Disney Channel (originally called The Disney Channel from 1996 to 1997) was an Australian pay television channel. It was the flagship television property owned and operated by The Walt Disney Company in Australia. Launched in 1996, the network targeted towards children and their families, with original series and movies.

The network's programming consisted of original animated and live action television series sourced from Disney Channel in the United States, including their original made-for-cable movies, as well as screenings of Disney's theatrical releases and other acquired programming.

The network closed in New Zealand on 30 November 2019 on Sky, and in Australia on 1 March 2020 on Foxtel. It was discontinued on 30 April 2020 on Fetch TV.

History
Disney Channel was first broadcast by Optus on 8 June 1996; the first program scheduled was the television premiere of Aladdin. It became available though Austar on 1 April 2001, through Foxtel on 1 December 2001, and through TransTV on 21 January 2002. It was formerly available on SelecTV from September 2008 until the closure of its English service in late 2010. The network launched on New Zealand's pay television network, SKY Network Television, on 24 December 2003.

Disney launched the Playhouse Disney channel in Australia and New Zealand on 5 December 2005, which later rebranded as Disney Junior in 2011. An additional network named Disney XD launched on 10 April 2014, featuring programming targeted towards boys aged 6–14. Disney XD ceased broadcasting on 6 January 2019, with a selection of programming moving to Disney Channel thereafter, including Star Wars Resistance and various Marvel animations. With Disney XD being integrated into the main channel, the service would now contain fewer advertisement breaks.

In August 2016, Disney Channel Australia hosted its third local "FanFest" event, at Martin Place in Sydney. The network organised a concert featuring US singer Sabrina Carpenter, which was hosted by the Australian network's personalities, and live streamed on the website. General manager of the network, Leisa Sadler, noted the importance of brand activation through having a physical event for fans to connect with, and appreciated the opportunity to promote the channel's local programming. More than 2,000 people attended the event and over 3,000 watched online. Previous "FanFest" events featured personalities Bridgit Mendler and Ross Lynch.

After indications that Disney Channel and Disney Junior would close in early 2020 due to the launch of Disney+ and expiring contracts, Foxtel advised that negotiations with Disney were continuing to keep broadcasting the networks.
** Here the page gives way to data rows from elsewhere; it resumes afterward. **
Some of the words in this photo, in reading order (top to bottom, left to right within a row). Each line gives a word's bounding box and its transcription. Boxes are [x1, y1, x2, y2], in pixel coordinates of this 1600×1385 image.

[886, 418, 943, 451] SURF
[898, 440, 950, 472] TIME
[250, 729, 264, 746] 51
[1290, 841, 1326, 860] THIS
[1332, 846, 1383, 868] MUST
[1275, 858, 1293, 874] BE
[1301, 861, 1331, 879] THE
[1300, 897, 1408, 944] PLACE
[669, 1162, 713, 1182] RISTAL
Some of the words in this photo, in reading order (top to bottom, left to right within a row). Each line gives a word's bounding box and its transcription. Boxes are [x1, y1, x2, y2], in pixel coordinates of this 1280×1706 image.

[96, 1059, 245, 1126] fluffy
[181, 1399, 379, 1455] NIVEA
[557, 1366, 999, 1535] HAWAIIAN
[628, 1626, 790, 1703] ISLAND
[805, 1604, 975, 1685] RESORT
However, Sky confirmed that both channels would close in New Zealand from 30 November 2019. Foxtel confirmed that the channels would be leaving their service at the end of February 2020, and on Fetch TV at the end of April 2020.

Programming
Disney Channel's programming schedule mainly consists of live action sitcoms and animated series for children, sourced from Disney Channel in the United States. Titles airing in the 2000s included Hannah Montana, Kim Possible, Lizzie McGuire, Lilo & Stitch: The Series and Sabrina. Programs broadcast by the network in the 2010s have included Andi Mack, Austin & Ally, Big Hero 6: The Series, Girl Meets World, K.C. Undercover and Raven's Home.

Disney Channel's schedule also includes internationally produced series acquired by Disney Channel Worldwide, including Hotel Transylvania: The Series, Rolling with the Ronks! and The ZhuZhus. In January 2017, Disney Channel acquired the license to air the local Australian series Grace Beside Me, a co-production between NITV and ABC, which premiered in March 2019.
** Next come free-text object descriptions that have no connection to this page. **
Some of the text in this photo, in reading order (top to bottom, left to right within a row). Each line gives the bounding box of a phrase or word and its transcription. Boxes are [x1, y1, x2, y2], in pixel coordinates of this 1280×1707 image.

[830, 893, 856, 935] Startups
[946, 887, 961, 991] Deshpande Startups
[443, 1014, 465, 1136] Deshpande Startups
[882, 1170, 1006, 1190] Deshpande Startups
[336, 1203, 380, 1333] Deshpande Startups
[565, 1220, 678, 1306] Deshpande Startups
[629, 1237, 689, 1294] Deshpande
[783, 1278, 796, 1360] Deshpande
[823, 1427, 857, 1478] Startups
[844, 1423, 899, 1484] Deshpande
The network airs event broadcasts of Disney's theatrical releases, with Pixar films including A Bug's Life, Monsters, Inc., and animated classics such as Aladdin and The Emperor's New Groove. Also featured are Disney Channel's original made-for-cable movies, including the High School Musical and Descendants franchises.
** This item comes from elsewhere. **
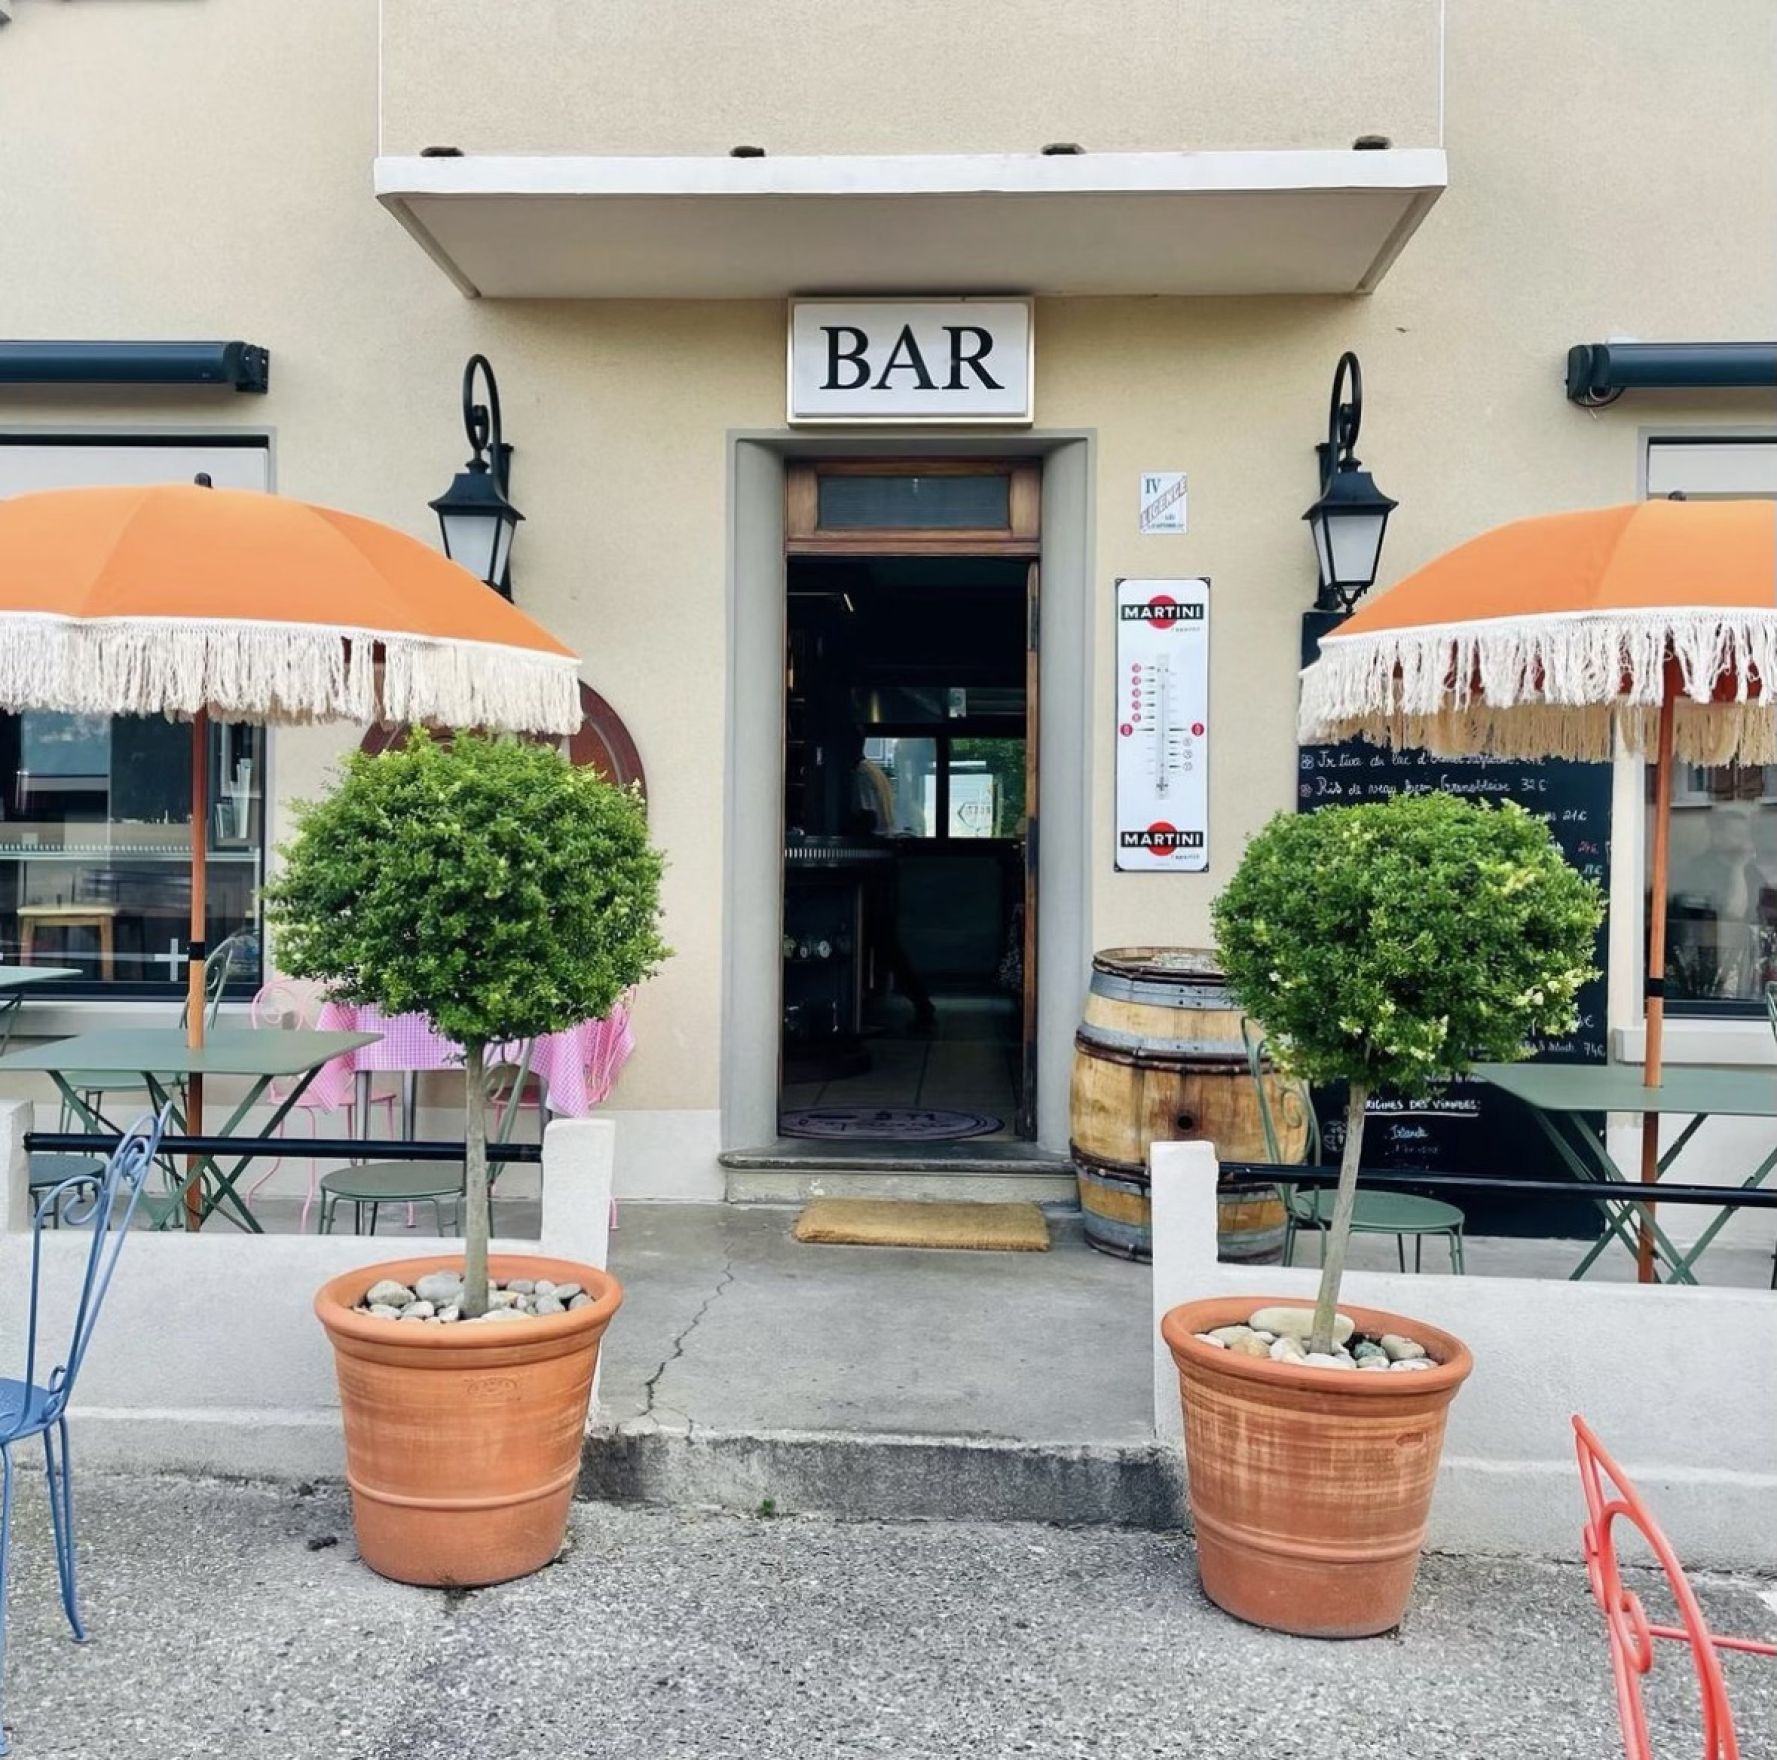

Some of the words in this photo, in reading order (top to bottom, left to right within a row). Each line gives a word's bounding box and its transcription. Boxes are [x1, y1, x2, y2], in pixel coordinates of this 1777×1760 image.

Disney Channel Australia has also commissioned and produced several of its own scripted drama series, including a local version of As the Bell Rings, and original miniseries Mind Over Maddie. In 2013, the network debuted a local short-form series titled Hanging With, which takes the form of an afternoon variety show, featuring hosts who act as the faces of the channel and present programming news and other entertainment segments. In 2019, the network produced a short-form miniseries entitled Spread the Word, which explores words from Aboriginal and Torres Strait Islander languages. Other local programming has included Backstage Pass and Radio Disney Insider.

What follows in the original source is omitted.